== Segment start ==
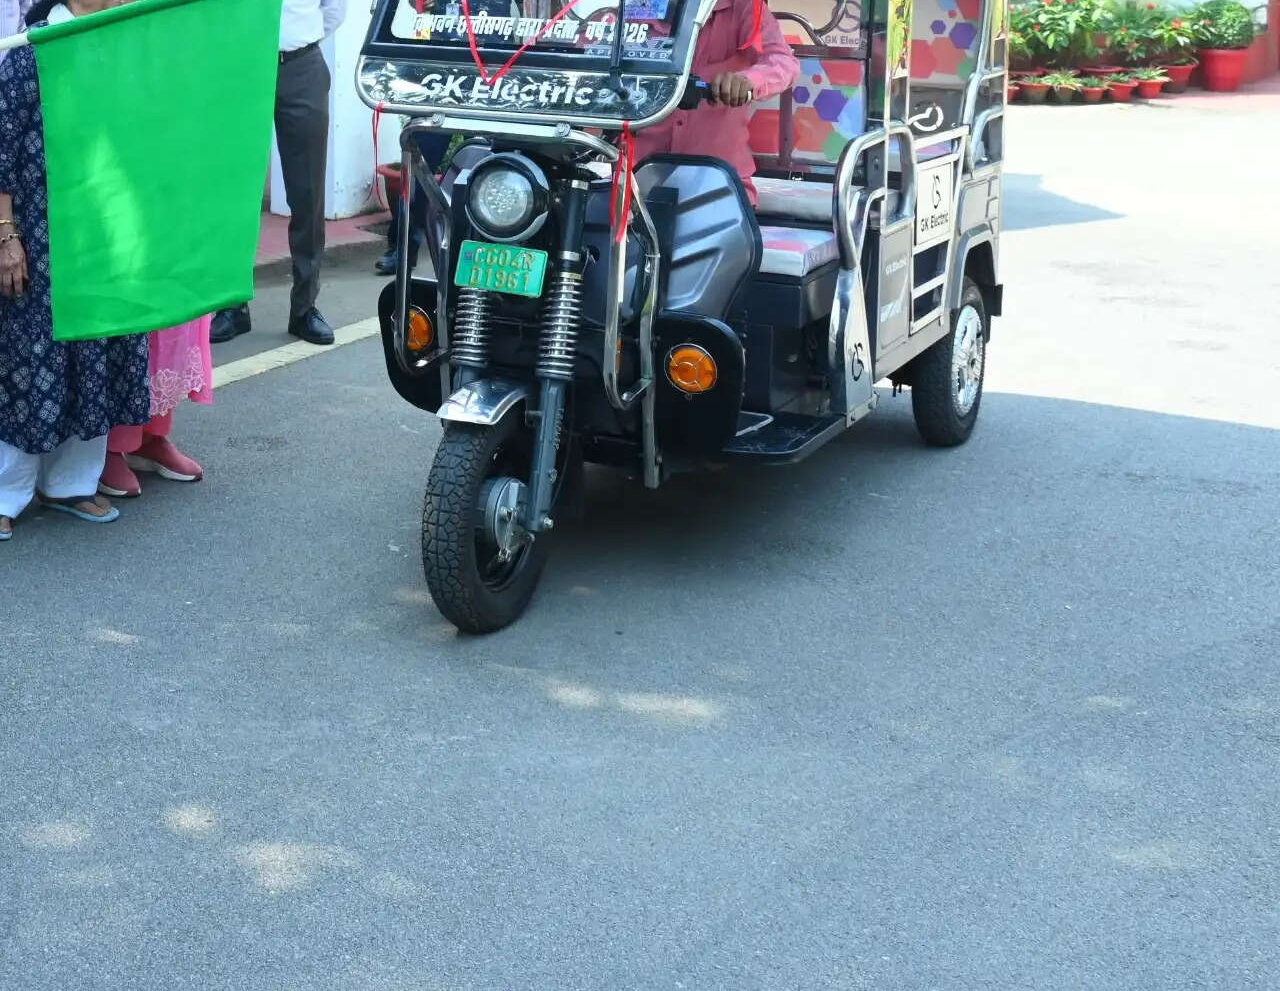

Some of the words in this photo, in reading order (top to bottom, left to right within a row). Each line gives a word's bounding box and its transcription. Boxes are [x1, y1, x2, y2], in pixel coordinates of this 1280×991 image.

[586, 48, 668, 59] APPOVED
[420, 73, 467, 98] GK
[471, 75, 594, 106] Electric
[930, 212, 948, 229] Electric
[474, 246, 537, 272] CG04R
[469, 266, 529, 291] D1961
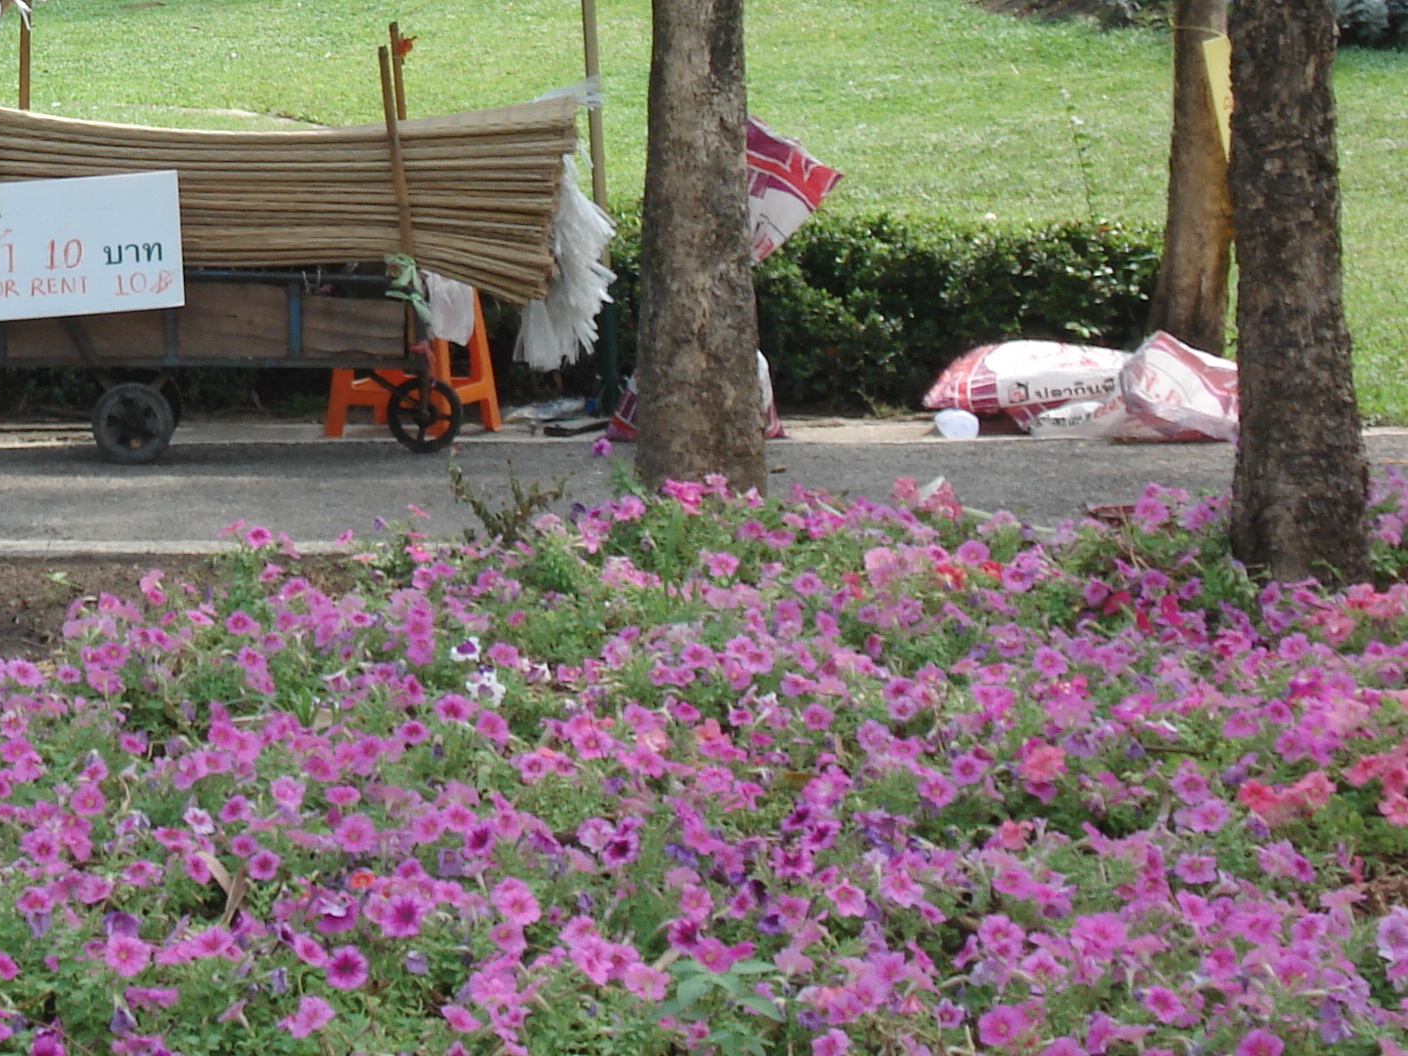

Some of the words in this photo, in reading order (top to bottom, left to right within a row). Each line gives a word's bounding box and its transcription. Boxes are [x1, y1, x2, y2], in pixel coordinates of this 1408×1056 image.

[45, 238, 83, 270] 10
[103, 241, 163, 266] บาท
[30, 275, 90, 297] RENT
== Segment end ==
▸ Task directions: Your answer must be the line containing "this 1408×1056 image." and every line after it through the end of the records above, reproduced exactly and alone.

▸ Problem solution:
Some of the words in this photo, in reading order (top to bottom, left to right within a row). Each line gives a word's bounding box and its transcription. Boxes are [x1, y1, x2, y2], in pixel coordinates of this 1408×1056 image.

[45, 238, 83, 270] 10
[103, 241, 163, 266] บาท
[30, 275, 90, 297] RENT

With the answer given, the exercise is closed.